> _Aim of the exercise_: Everything in the records except the pictures needs to be printed again exactly.
-.-.-
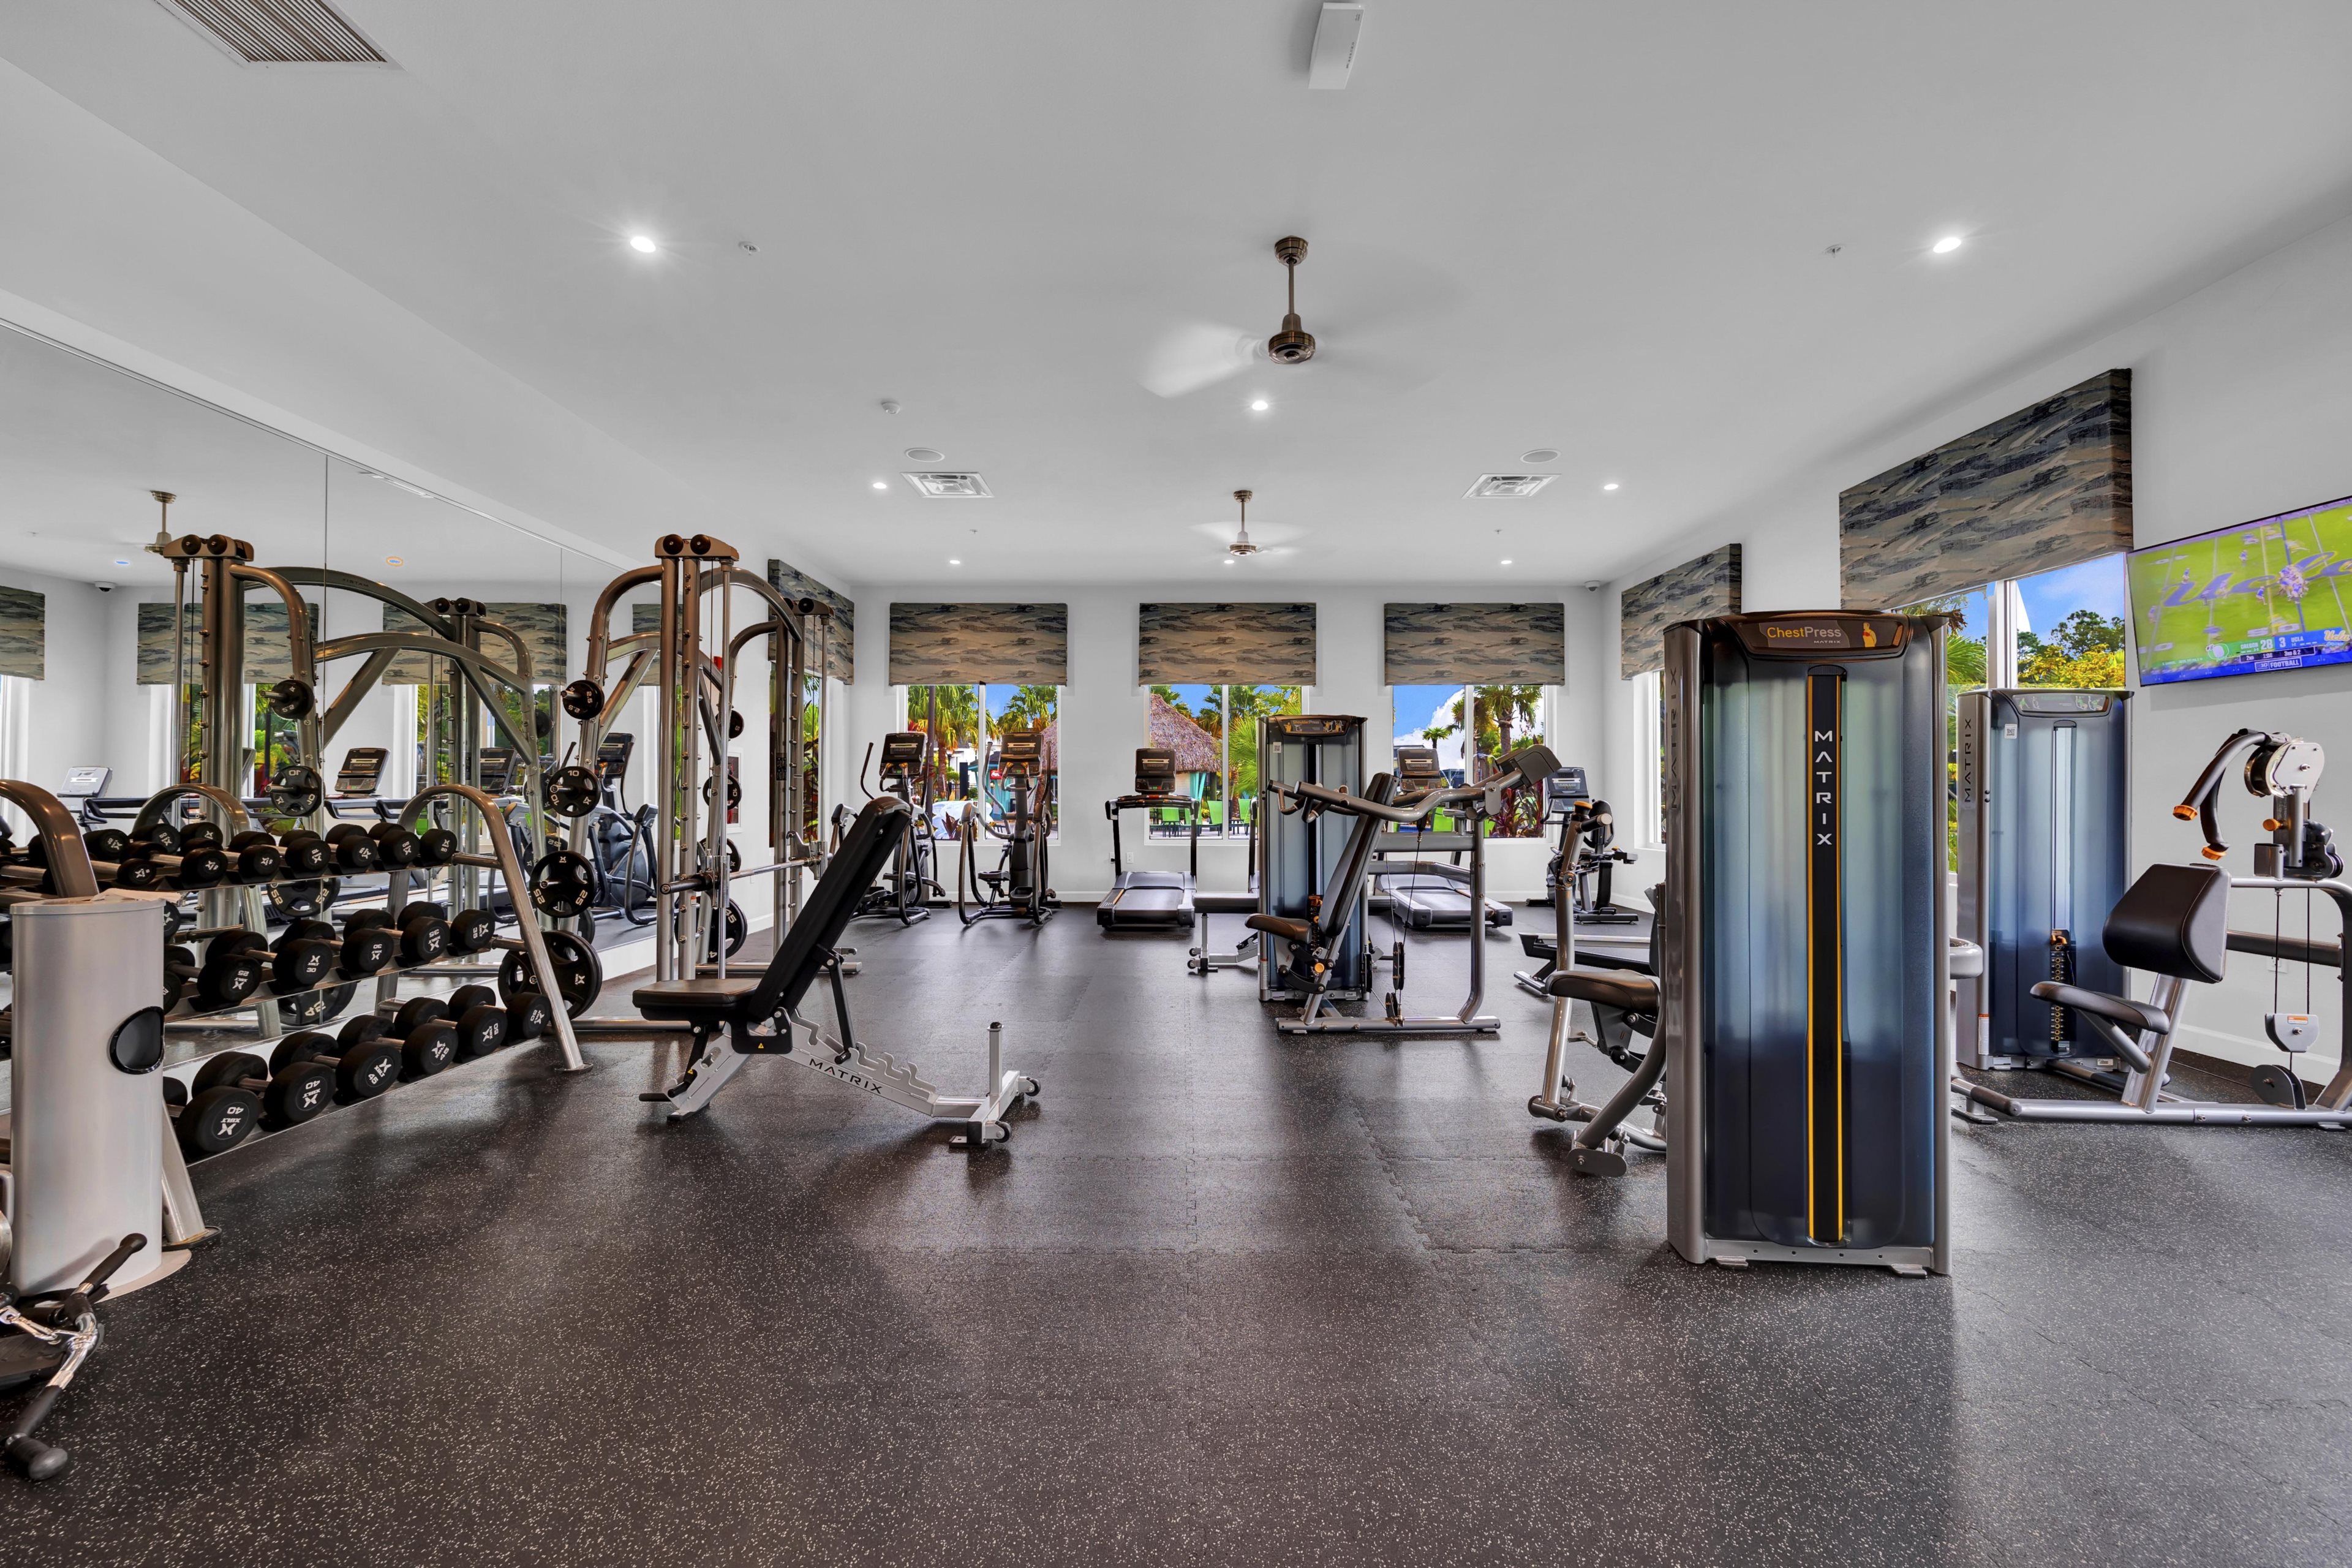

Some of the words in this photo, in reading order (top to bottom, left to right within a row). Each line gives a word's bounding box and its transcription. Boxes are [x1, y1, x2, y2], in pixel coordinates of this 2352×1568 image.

[1766, 626, 1841, 638] ChestPress
[2260, 639, 2274, 650] 28
[2278, 637, 2286, 647] 3
[2270, 659, 2299, 668] FOOTBALL
[1814, 730, 1833, 845] MATRIX
[551, 794, 560, 805] 10
[533, 888, 546, 904] 25
[576, 889, 588, 906] 25
[368, 1073, 379, 1084] 45
[809, 1058, 883, 1094] MATRIX
[306, 1080, 320, 1090] 40
[227, 1106, 244, 1115] 40
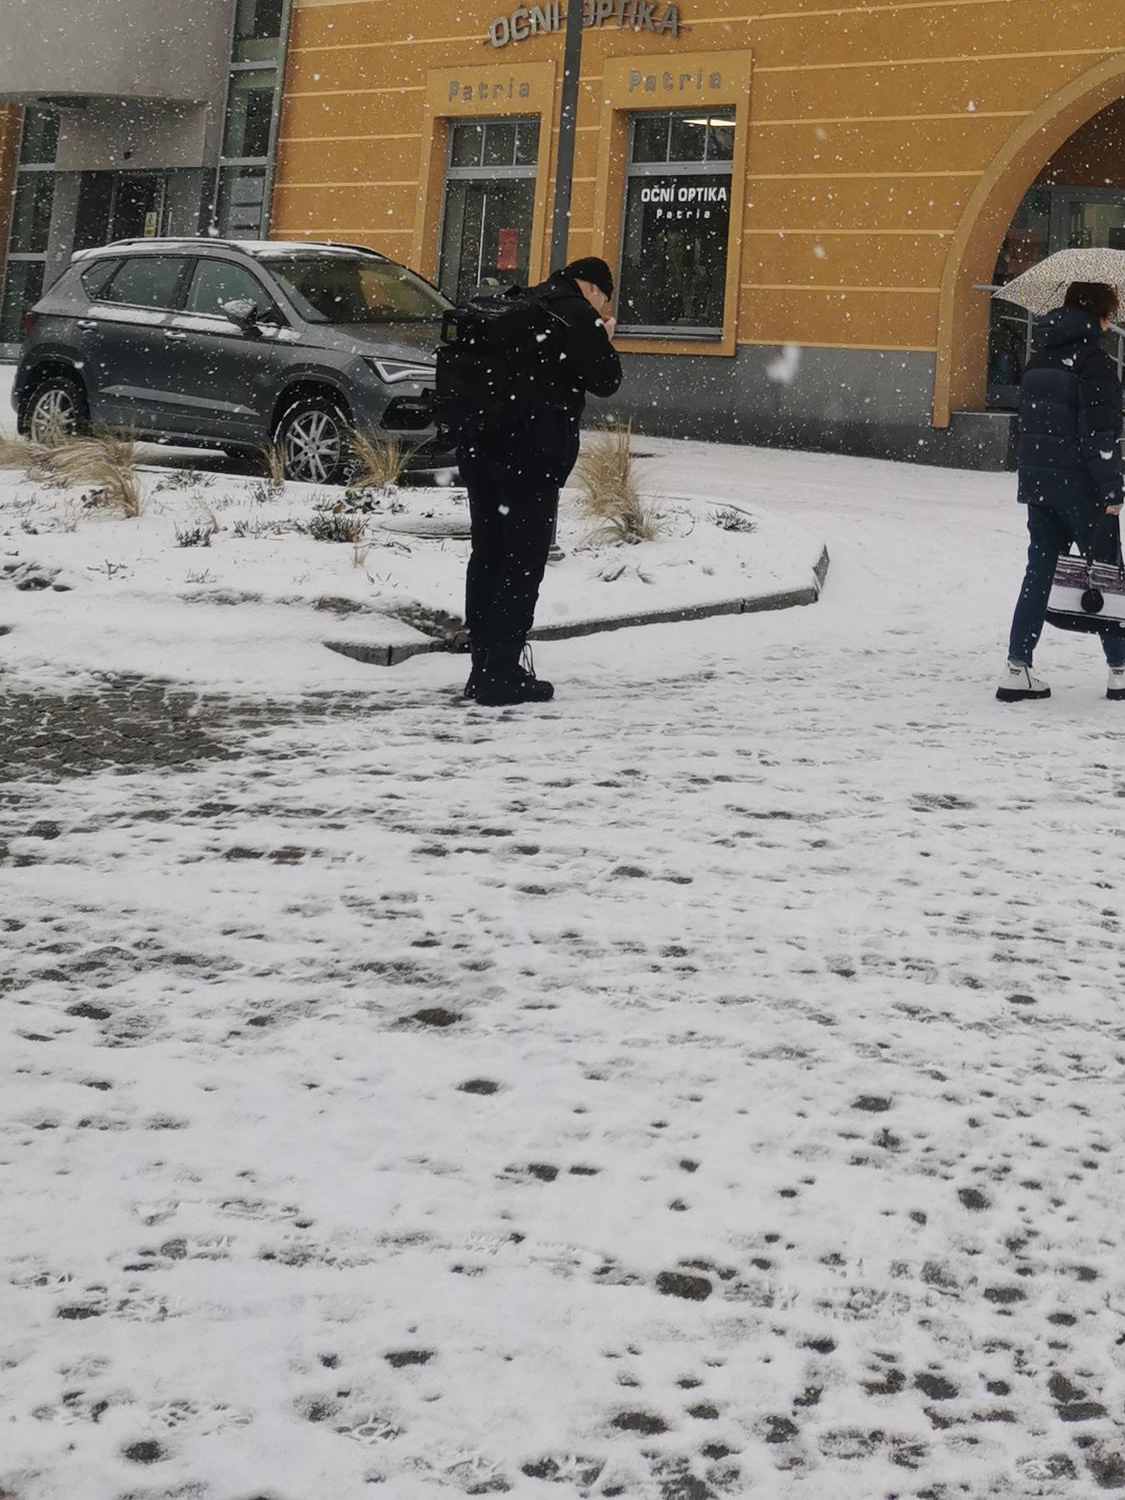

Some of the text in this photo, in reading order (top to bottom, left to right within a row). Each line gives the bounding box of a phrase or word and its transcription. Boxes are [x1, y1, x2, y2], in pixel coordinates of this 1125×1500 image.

[448, 76, 531, 103] Patria
[628, 67, 722, 93] Patria
[640, 184, 728, 203] OČNÍ OPTIKA
[656, 208, 712, 220] Patria
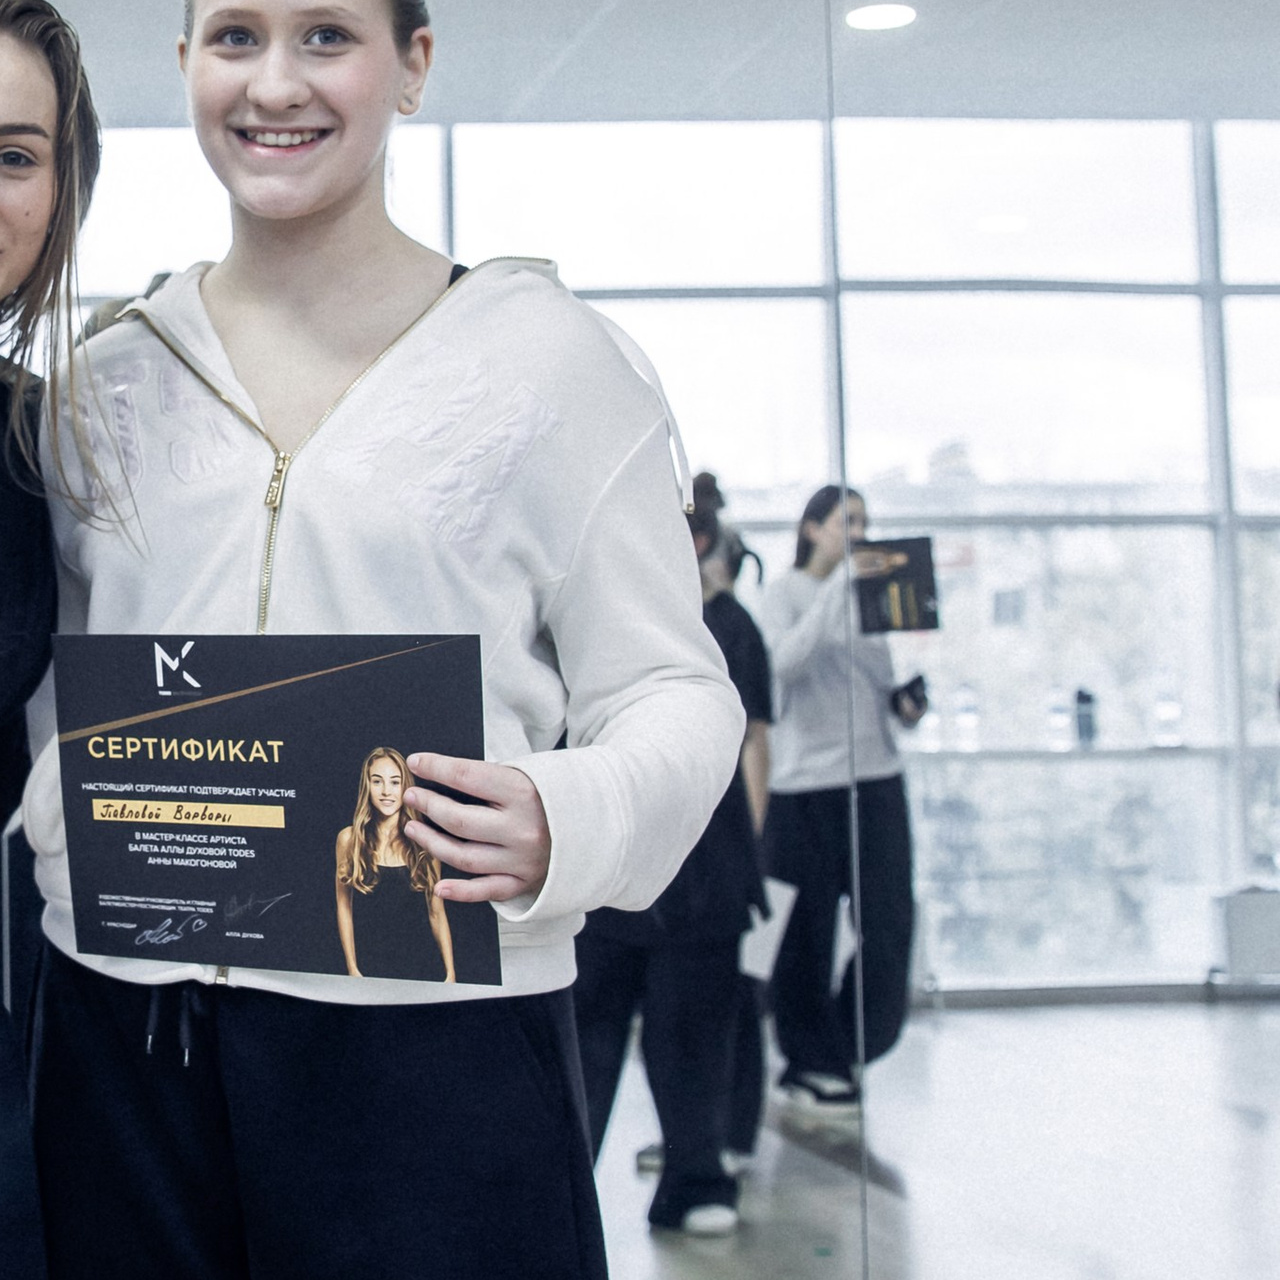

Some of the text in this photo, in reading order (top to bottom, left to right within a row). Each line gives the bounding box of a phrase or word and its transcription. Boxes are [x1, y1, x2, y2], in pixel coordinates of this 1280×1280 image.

[87, 736, 284, 762] СЕРТИФИКАТ
[82, 783, 296, 798] НАСТОЯЩИЙ СЕРТИФИКАТ ПОДТВЕРЖДАЕТ УЧАСТИЕ
[173, 805, 233, 822] Варвары
[135, 832, 247, 845] В МАСТЕР-КЛАССЕ АРТИСТА
[128, 844, 256, 858] БАЛЕТА АЛЛЫ ДУХОВОЙ TODES
[148, 856, 237, 869] АННЫ МАКОГОНОВОЙ
-.-.-
> _Solved exercise_:
Some of the words in this photo, in reading order (top to bottom, left to right within a row). Each line gives a word's bounding box and its transcription. Boxes are [x1, y1, x2, y2], in pixel coordinates of this 2352×1568 image.

[1766, 626, 1841, 638] ChestPress
[2260, 639, 2274, 650] 28
[2278, 637, 2286, 647] 3
[2270, 659, 2299, 668] FOOTBALL
[1814, 730, 1833, 845] MATRIX
[551, 794, 560, 805] 10
[533, 888, 546, 904] 25
[576, 889, 588, 906] 25
[368, 1073, 379, 1084] 45
[809, 1058, 883, 1094] MATRIX
[306, 1080, 320, 1090] 40
[227, 1106, 244, 1115] 40

Some of the text in this photo, in reading order (top to bottom, left to right within a row). Each line gives the bounding box of a phrase or word and its transcription. Boxes are [x1, y1, x2, y2], in pixel coordinates of this 1125×1500 image.

[448, 76, 531, 103] Patria
[628, 67, 722, 93] Patria
[640, 184, 728, 203] OČNÍ OPTIKA
[656, 208, 712, 220] Patria

Some of the text in this photo, in reading order (top to bottom, left to right within a row). Each line gives the bounding box of a phrase or word and its transcription. Boxes are [x1, y1, x2, y2], in pixel coordinates of this 1280×1280 image.

[87, 736, 284, 762] СЕРТИФИКАТ
[82, 783, 296, 798] НАСТОЯЩИЙ СЕРТИФИКАТ ПОДТВЕРЖДАЕТ УЧАСТИЕ
[173, 805, 233, 822] Варвары
[135, 832, 247, 845] В МАСТЕР-КЛАССЕ АРТИСТА
[128, 844, 256, 858] БАЛЕТА АЛЛЫ ДУХОВОЙ TODES
[148, 856, 237, 869] АННЫ МАКОГОНОВОЙ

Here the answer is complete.